Japan’s first virtual mall with a traditional touch
well-being Jul 14, 2022

Japan’s first virtual mall with a traditional touch

Businesses, organizations from municipality in rural Japan set up shop in market metaverse

by Emi Takahata
 J-STORIES - The mall has a fine array of Shimane Prefecture delicacies, from delicious "nodoguro" (blackthroat seaperch) to Izumo noodles. Shoppers stroll around, some stopping for a chat, others asking shop owners about the goods on offer. There are banks, offices of community organizations, and even the local university has a presence here.
But no one needs to fear visiting this bustling mall on account of COVID-19. In fact, they don’t even need to be in Shimane, a coastal prefecture that neighbors Hiroshima in western Japan. This particular shopping mall exists completely in the metaverse, a network of 3D virtual worlds centered on social connection.
The mall was the brainchild of the Shimane Jokamachi Food Culture Research Organization in cooperation with local chambers of commerce.
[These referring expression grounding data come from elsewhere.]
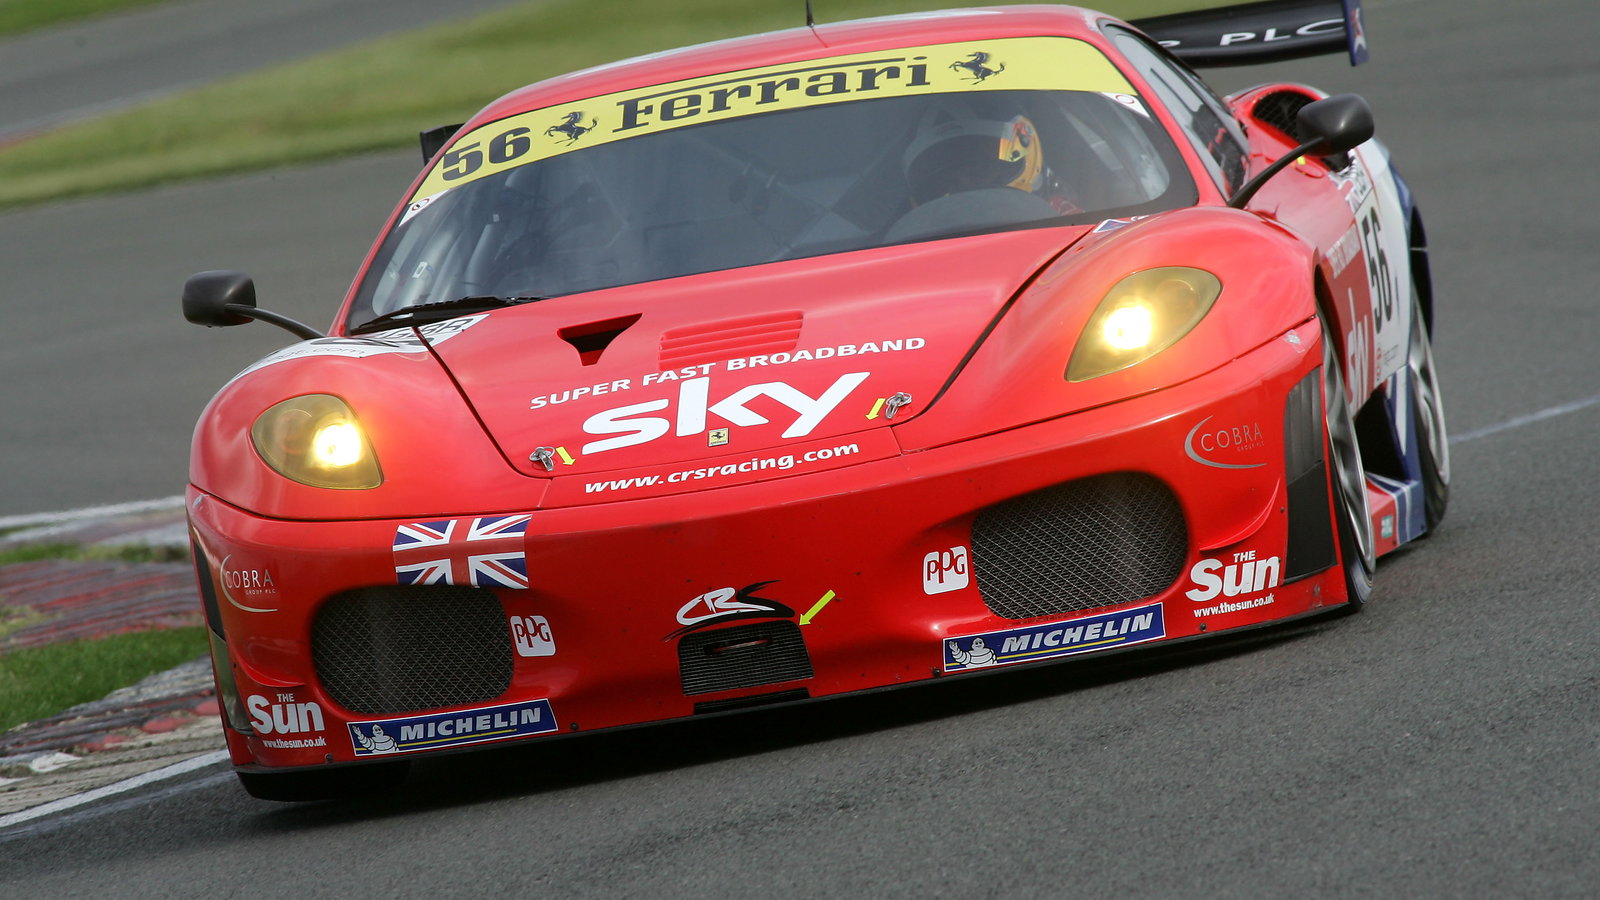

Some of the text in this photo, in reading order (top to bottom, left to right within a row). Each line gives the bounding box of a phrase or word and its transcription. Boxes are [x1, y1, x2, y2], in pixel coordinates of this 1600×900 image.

[1219, 19, 1345, 46] PLC
[442, 55, 931, 181] 56 Ferrari
[1361, 206, 1391, 334] 56
[530, 337, 926, 410] SUPER FAST BROADBAND
[581, 371, 871, 455] sky
[1200, 423, 1263, 452] COBRA
[585, 443, 859, 493] www.crsracing.com
[1233, 550, 1256, 563] THE
[225, 569, 274, 588] COBRA
[1185, 556, 1280, 602] Sun
[1193, 593, 1275, 618] www.thesun.co.uk
[514, 617, 550, 648] PPG
[1001, 612, 1153, 653] MICHELIN
[247, 694, 325, 734] Sun
[276, 693, 295, 702] THE
[400, 707, 541, 741] MICHELIN
[262, 736, 327, 748] www.thesun.co.uk
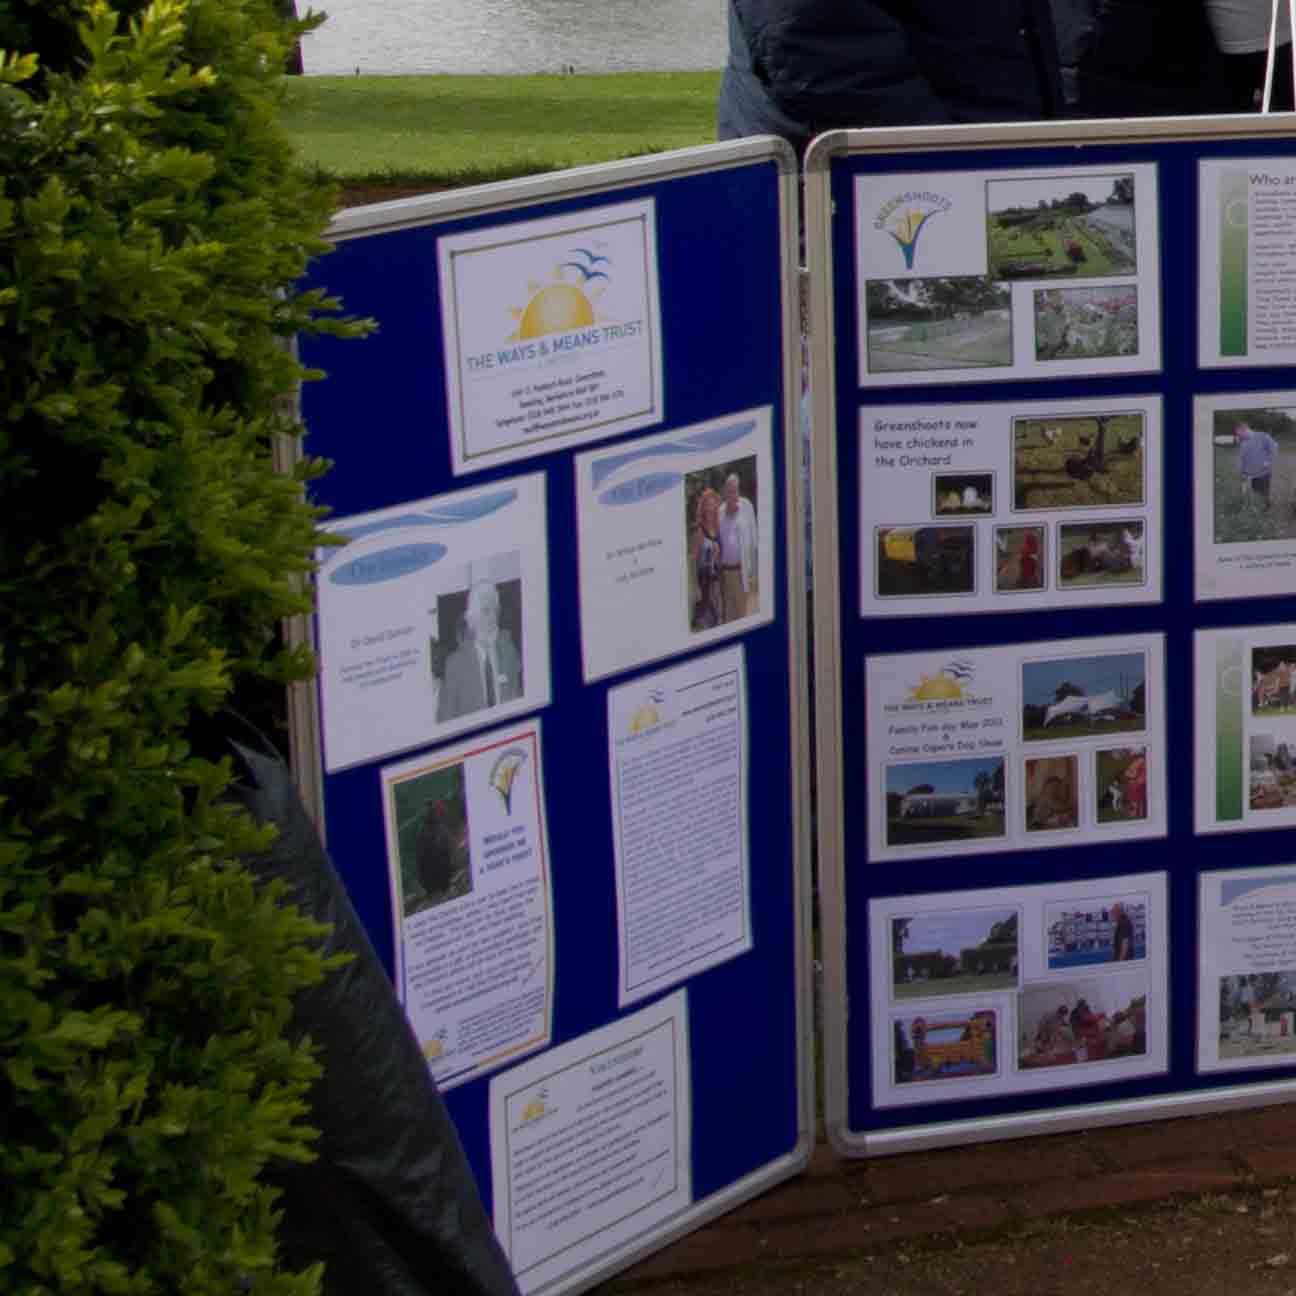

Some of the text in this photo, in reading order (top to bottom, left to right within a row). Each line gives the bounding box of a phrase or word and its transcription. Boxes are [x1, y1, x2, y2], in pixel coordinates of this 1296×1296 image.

[1249, 173, 1280, 185] Who
[466, 320, 643, 370] THE WAYS & MEANS TRUST
[874, 419, 978, 432] Greenshoots now
[874, 436, 974, 449] have chickens in
[875, 453, 951, 466] the Orchard
And despite its non-physical, virtual status, as of June 2022, it boasts 35 outlets, all open for business.
Belonging to Nagano-based Gaia Link Inc., this virtual manifestation of a traditional Japanese mall is the first of its kind, officially opening its doors for trade on May 20.
When entering this virtual market, visitors first create an avatar that they use to stroll around the mall via the screen of their computer without the need for virtual reality headsets. More than 1,800 avatars had been created within a week of the mall’s opening.
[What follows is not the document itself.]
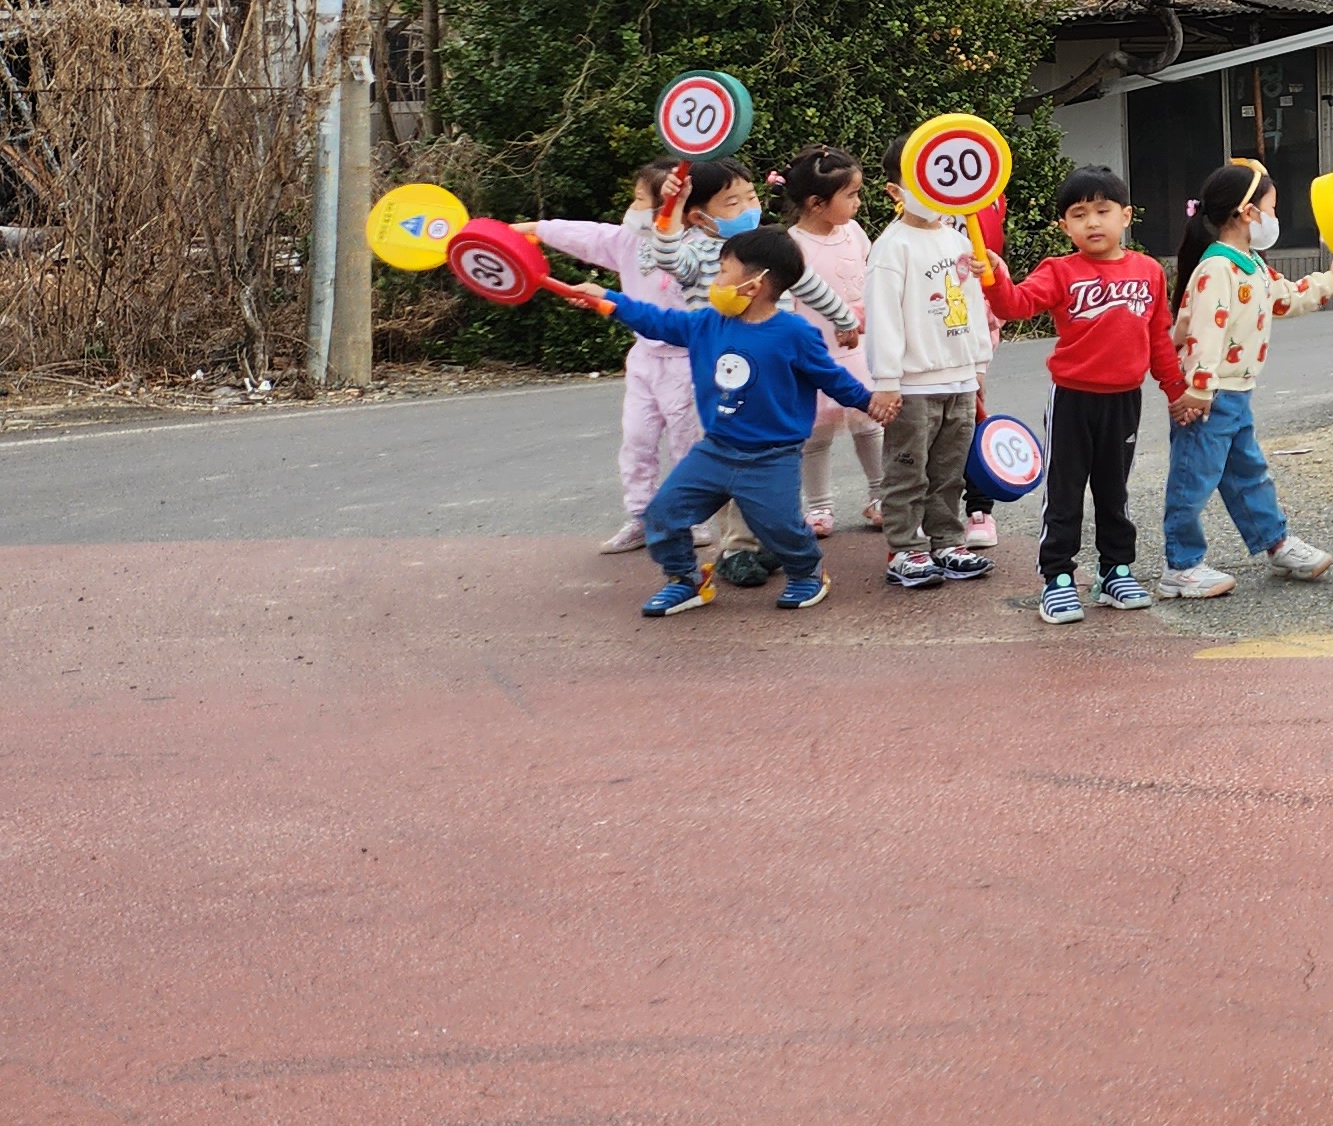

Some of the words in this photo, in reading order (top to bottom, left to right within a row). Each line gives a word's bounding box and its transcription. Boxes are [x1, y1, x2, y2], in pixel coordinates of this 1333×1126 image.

[676, 97, 716, 135] 30
[933, 148, 983, 187] 30
[471, 253, 504, 287] 30
[1068, 275, 1150, 314] Texas
Left: In late June, Shimane University set up a laboratory in the mall to hold events such as meetings to announce research results. Right: A shopper looks at some of the products on offer.     Source: Shimane Jokamachi Food Culture Research Organization
Left: In late June, Shimane University set up a laboratory in the mall to hold events such as meetings to announce research results. Right: A shopper looks at some of the products on offer.     Source: Shimane Jokamachi Food Culture Research Organization
In the non-virtual world, traditional shopping malls, known in Japan as "shotengai," typically take the form of covered market streets with access restricted to pedestrians.  While some of the Japan's best known shotengai, such as Ameyayokocho in Tokyo's Ueno district, can be found in major cities, they are also a feature of many regional cities, where populations tend to be shrinking and aging.
However, according to Takuya Tsuchie of the Shimane Jokamachi Food Culture Research Organization the hope is that this new virtual reality space will particularly appeal to young people.
Takuya Tsuchie’s avatar in the “Shimane Enmusubi Shotengai” mall.     Source: Shimane Jokamachi Food Culture Research Organization
Takuya Tsuchie’s avatar in the “Shimane Enmusubi Shotengai” mall.     Source: Shimane Jokamachi Food Culture Research Organization
The name of the mall in Japanese, “Shimane Enmusubi Shotengai,” can be translated as the “Shimane Connection-Building Mall,” which Tsuchie says is an indication that the mall is for far more than just shopping. As with its counterpart in the real world, it is intended as a place to mingle, get information from local organizations, to interact, and build communities. 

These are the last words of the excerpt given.